Benchmarking and using AlphaFold 3 on Leonardo

Author: Leonardo Salicari (CINECA)

Introduction

All the results presented in this document use AlphaFold 3 (AF3, hereafter) version 3.0.1 [1] within a Singularity container, already provided on Leonardo through a module.

Given protein and/or nucleic acid sequences, AlphaFold 3 predicts their corresponding three-dimensional atomic structures. AF3 predictions can be divided into two stages. Following AF3 terminology, the first is the data pipeline, in which Multiple Sequence Alignments (MSAs) are compiled, template searches are performed, and other operations required to generate the model inputs are executed.
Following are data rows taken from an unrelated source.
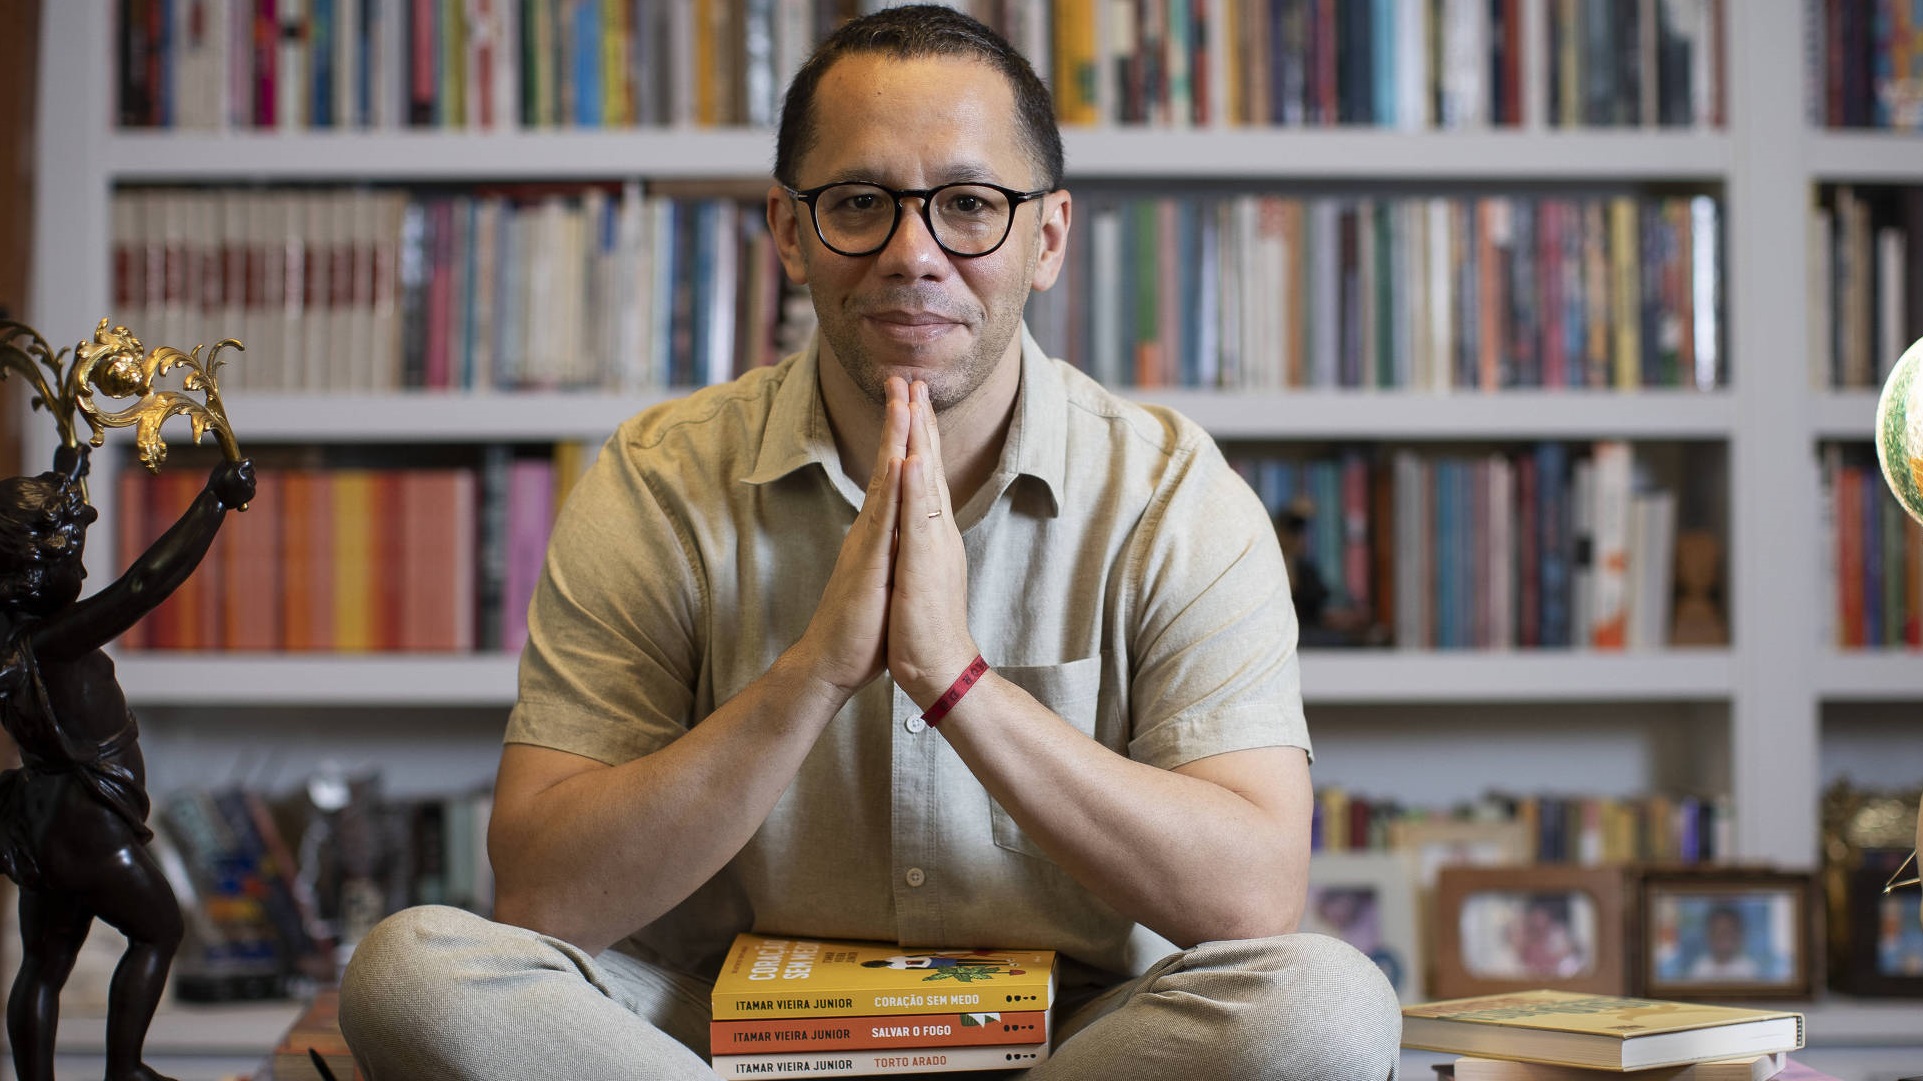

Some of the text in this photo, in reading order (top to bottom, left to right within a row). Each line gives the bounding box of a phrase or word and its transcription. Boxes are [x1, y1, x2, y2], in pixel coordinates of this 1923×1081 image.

[782, 941, 819, 979] SEM MED
[736, 998, 853, 1011] ITAMAR VIEIRA JUNIOR
[874, 994, 980, 1008] CORAÇÃO SEM MEDO
[733, 1029, 850, 1042] ITAMAR VIEIRA JUNIOR
[871, 1025, 952, 1038] SALVAR O FOGO
[736, 1059, 853, 1073] ITAMAR VIEIRA JUNIOR
[874, 1055, 947, 1068] TORTO ARADO
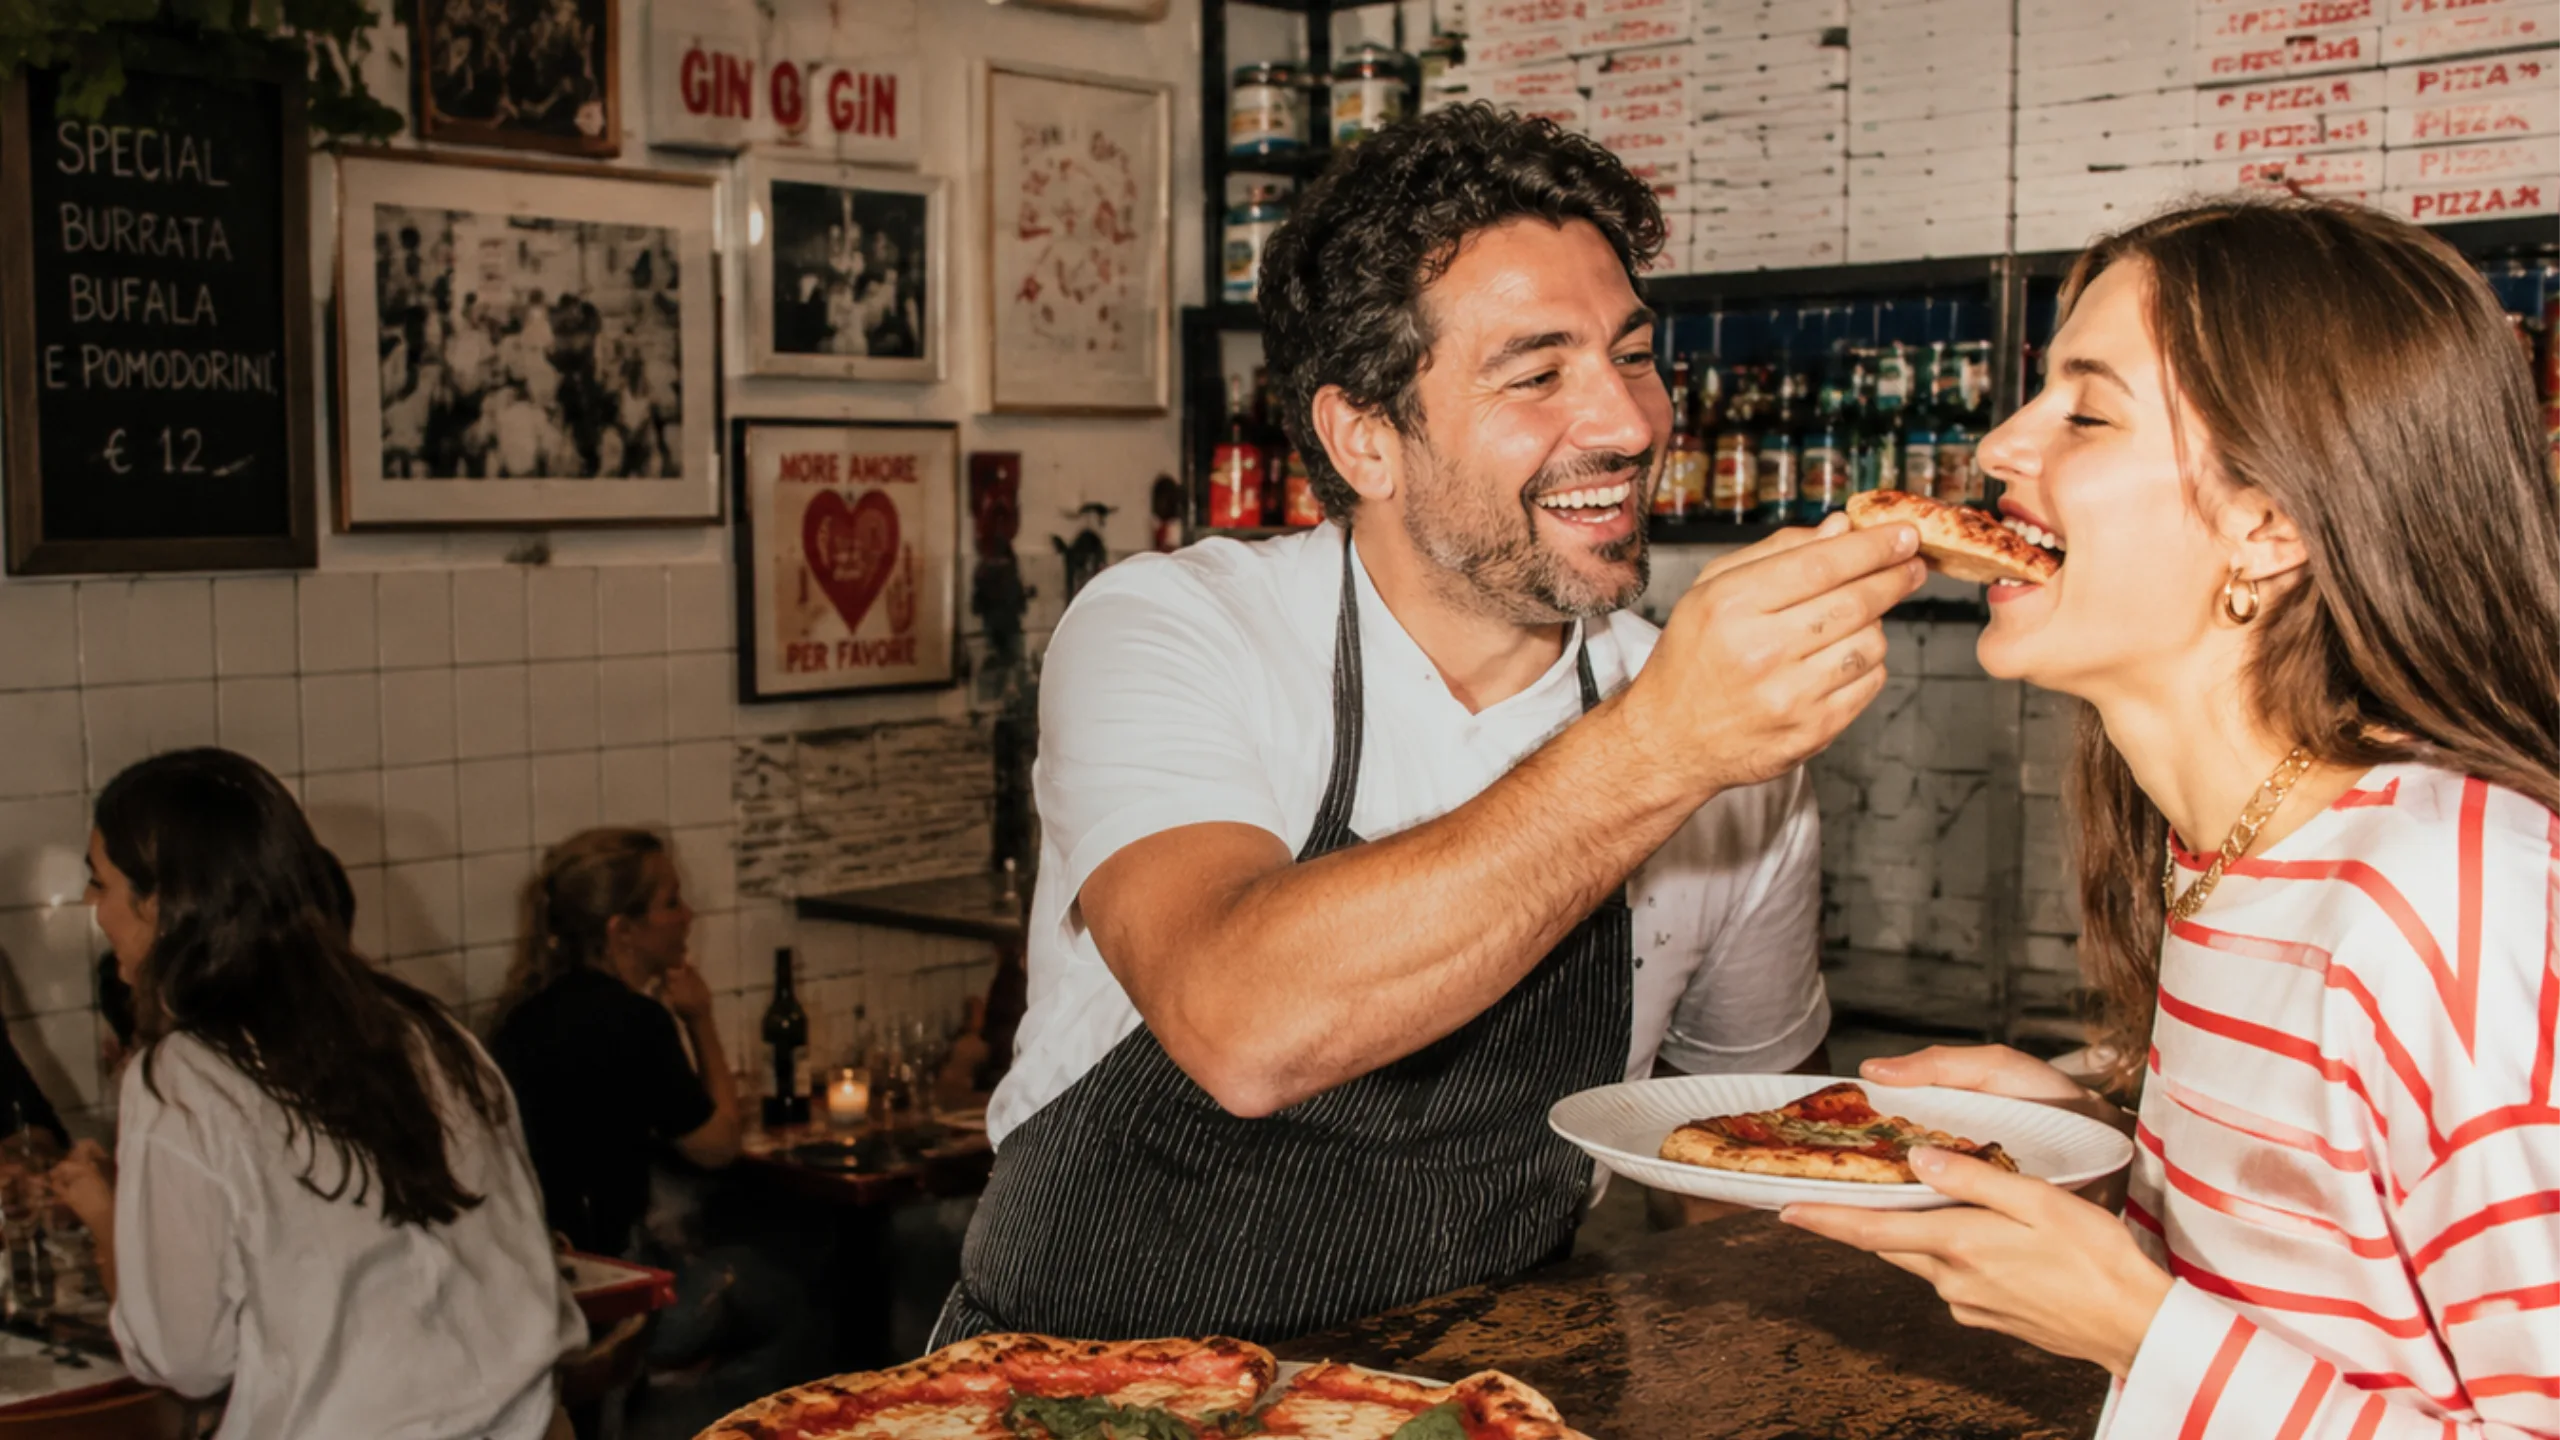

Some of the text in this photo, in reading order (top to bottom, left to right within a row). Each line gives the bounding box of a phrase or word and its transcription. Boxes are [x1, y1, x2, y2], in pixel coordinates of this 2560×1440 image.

[680, 47, 754, 120] GIN
[827, 69, 896, 138] GIN
[57, 120, 230, 187] SPECIAL
[2412, 188, 2507, 219] PIZZA
[60, 202, 234, 262] BURRATA
[70, 273, 218, 326] BUFALA
[45, 344, 276, 396] E POMODORINI
[103, 426, 205, 474] € 12
[779, 453, 917, 484] MORE AMORE
[786, 638, 916, 673] PER FAVORE
The subsequent step is the inference pipeline, where these inputs are processed by the Machine Learning model to predict polypeptide or DNA/RNA structures.

From a performance perspective, the data pipeline represents the main bottleneck of the entire prediction workflow. The primary software used for biological sequence analysis is the HMMER suite [2] (jackhmmer and nhmmer), which presents several intrinsic limitations that will be discussed below.
Alternative software tools exist; however, it is not advised to replace the HMMER routines with other tools because this may reduce the correlation between AF3 model confidence and prediction accuracy, since AF3 weights were trained using HMMER-derived inputs [3].

For this reason, the present document reports a set of benchmarks on the data pipeline and provides practical suggestions for efficiently exploiting HPC resources when running AF3 inference. In addition, further insights are presented for AF3 runs performed on the CINECA Leonardo cluster.

 

Data pipeline and Slurm flags

Performance improvements rely on the multi-threading implementation of the HMMER binaries. However, these implementations scale poorly beyond two cores per process, as shown below. MPI versions of both nhmmer and jackhmmer have been developed; however, preliminary tests on Leonardo show no improvements with respect to the shared-memory versions for large inputs.

When requesting resources from Slurm for a data pipeline, two flags must be set and carefully controlled.

The first is ntasks-per-node, which determines the number of processes spawned per node. During the data pipeline, AF3 spawns a set of nhmmer and jackhmmer processes per chain in order to complete the databases search.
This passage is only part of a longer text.